Task statement:
The expected output is the full set of entries, retyped verbatim, pictures excluded.

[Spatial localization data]
-.-.-

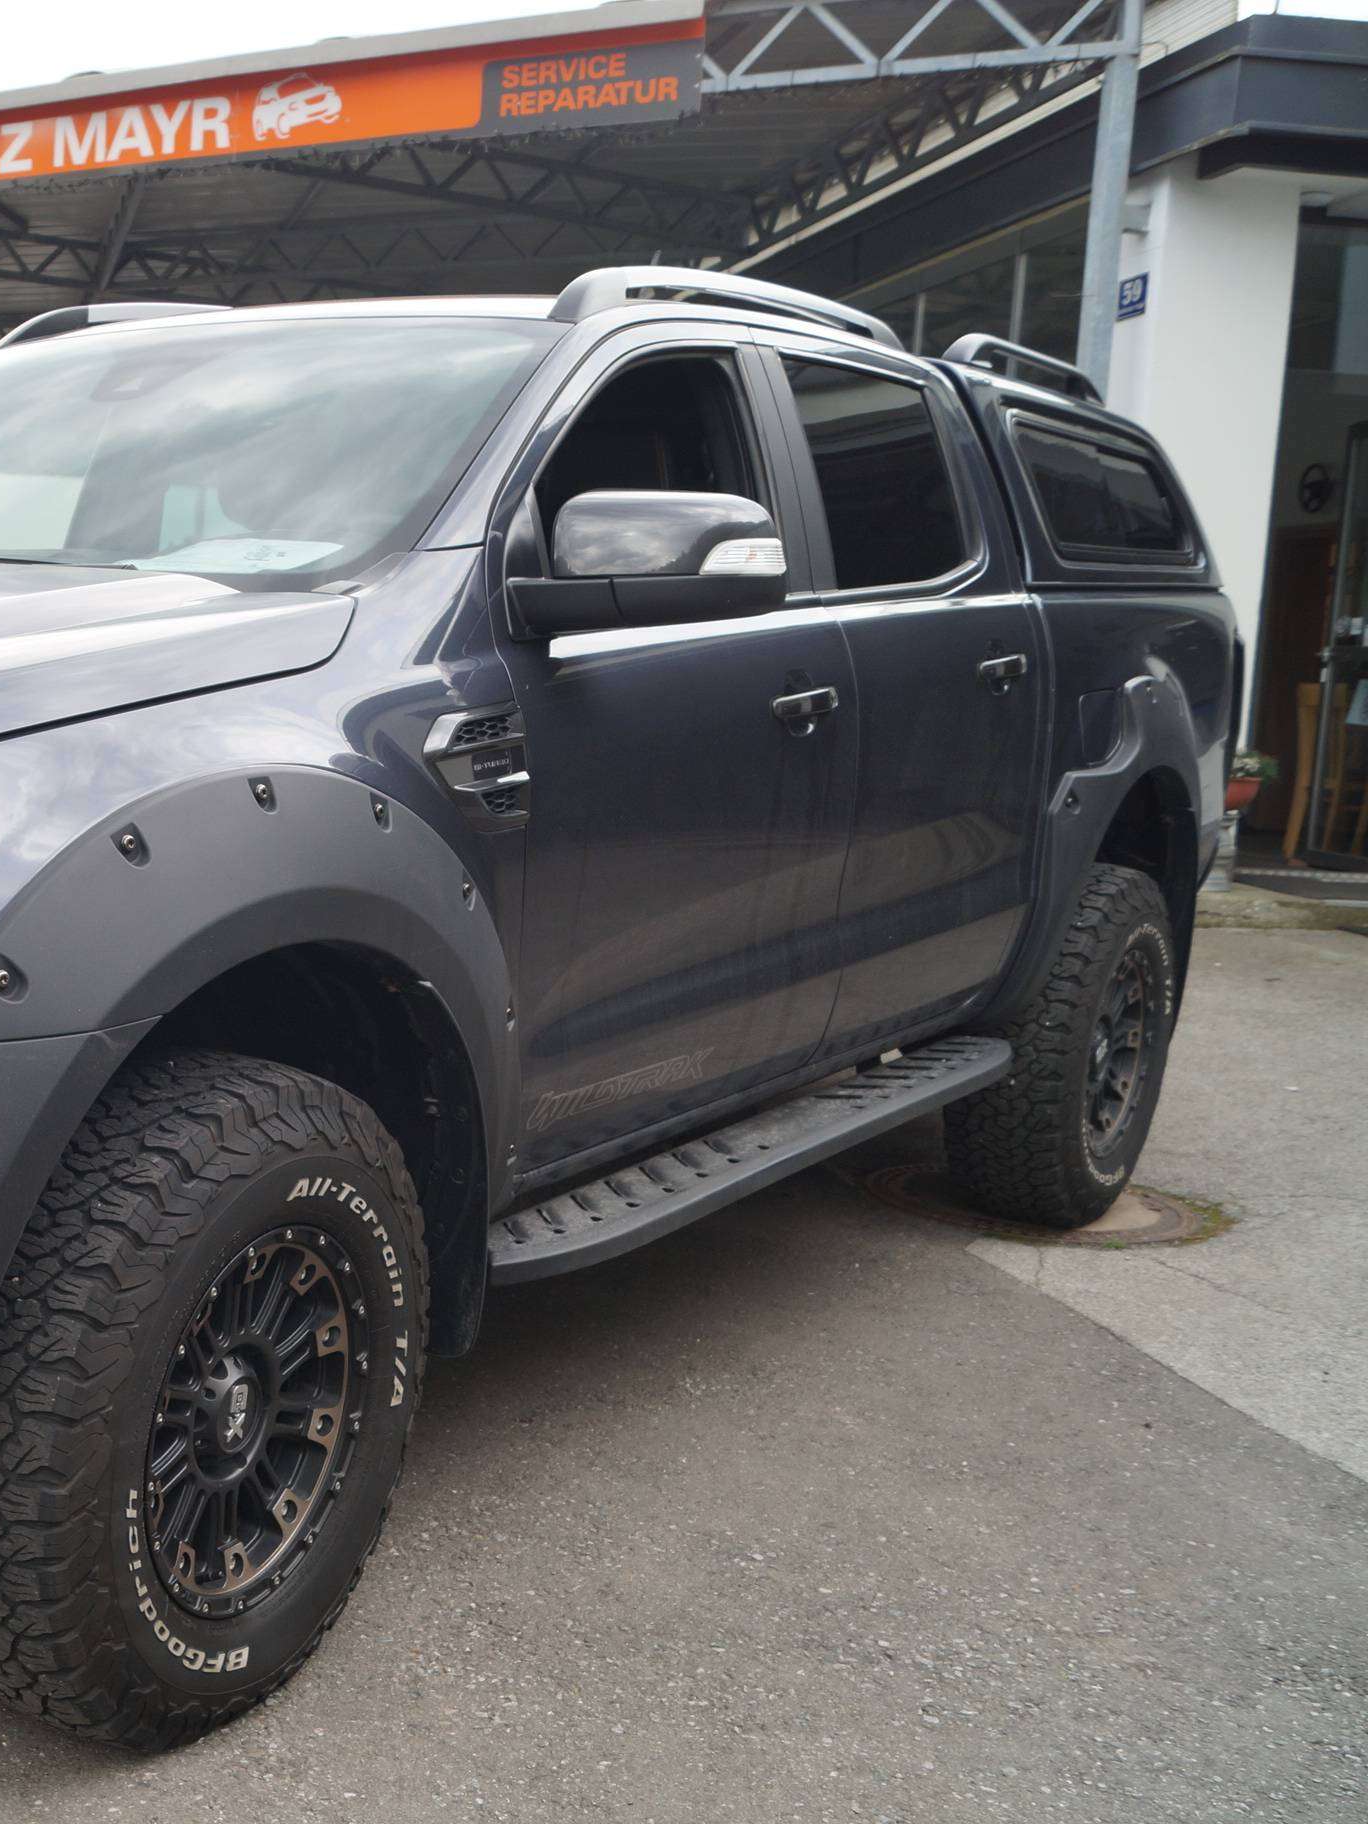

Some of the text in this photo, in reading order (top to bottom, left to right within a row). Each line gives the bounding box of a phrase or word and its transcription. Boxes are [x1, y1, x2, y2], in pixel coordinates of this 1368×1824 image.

[499, 76, 679, 118] REPARATUR
[501, 53, 627, 89] SERVICE
[53, 96, 231, 168] MAYR
[1123, 279, 1143, 305] 59
[287, 1177, 404, 1307] All-Terrain
[126, 1489, 249, 1673] BFGoodrich

-.-.-

Result for this task:
Some of the text in this photo, in reading order (top to bottom, left to right within a row). Each line gives the bounding box of a phrase or word and its transcription. Boxes are [x1, y1, x2, y2], in pixel coordinates of this 1368×1824 image.

[499, 76, 679, 118] REPARATUR
[501, 53, 627, 89] SERVICE
[53, 96, 231, 168] MAYR
[1123, 279, 1143, 305] 59
[287, 1177, 404, 1307] All-Terrain
[126, 1489, 249, 1673] BFGoodrich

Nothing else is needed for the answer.